> **What is expected**
Below are the entries; set down each of them exactly.

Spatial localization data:

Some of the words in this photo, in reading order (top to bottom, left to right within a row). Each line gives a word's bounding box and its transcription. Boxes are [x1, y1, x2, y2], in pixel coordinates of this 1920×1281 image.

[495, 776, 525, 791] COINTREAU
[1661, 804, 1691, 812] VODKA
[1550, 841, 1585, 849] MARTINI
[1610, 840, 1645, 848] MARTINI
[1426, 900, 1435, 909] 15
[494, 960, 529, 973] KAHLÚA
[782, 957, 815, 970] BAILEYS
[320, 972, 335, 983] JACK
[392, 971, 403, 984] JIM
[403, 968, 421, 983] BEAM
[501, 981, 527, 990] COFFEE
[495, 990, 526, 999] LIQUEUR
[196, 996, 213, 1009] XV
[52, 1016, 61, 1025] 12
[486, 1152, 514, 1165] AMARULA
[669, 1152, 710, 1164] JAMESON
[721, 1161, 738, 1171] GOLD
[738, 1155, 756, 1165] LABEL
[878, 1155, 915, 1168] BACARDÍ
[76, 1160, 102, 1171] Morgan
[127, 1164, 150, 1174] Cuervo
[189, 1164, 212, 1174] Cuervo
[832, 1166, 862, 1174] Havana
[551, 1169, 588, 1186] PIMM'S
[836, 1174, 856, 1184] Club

> **Response area**
Some of the words in this photo, in reading order (top to bottom, left to right within a row). Each line gives a word's bounding box and its transcription. Boxes are [x1, y1, x2, y2], in pixel coordinates of this 1920×1281 image.

[495, 776, 525, 791] COINTREAU
[1661, 804, 1691, 812] VODKA
[1550, 841, 1585, 849] MARTINI
[1610, 840, 1645, 848] MARTINI
[1426, 900, 1435, 909] 15
[494, 960, 529, 973] KAHLÚA
[782, 957, 815, 970] BAILEYS
[320, 972, 335, 983] JACK
[392, 971, 403, 984] JIM
[403, 968, 421, 983] BEAM
[501, 981, 527, 990] COFFEE
[495, 990, 526, 999] LIQUEUR
[196, 996, 213, 1009] XV
[52, 1016, 61, 1025] 12
[486, 1152, 514, 1165] AMARULA
[669, 1152, 710, 1164] JAMESON
[721, 1161, 738, 1171] GOLD
[738, 1155, 756, 1165] LABEL
[878, 1155, 915, 1168] BACARDÍ
[76, 1160, 102, 1171] Morgan
[127, 1164, 150, 1174] Cuervo
[189, 1164, 212, 1174] Cuervo
[832, 1166, 862, 1174] Havana
[551, 1169, 588, 1186] PIMM'S
[836, 1174, 856, 1184] Club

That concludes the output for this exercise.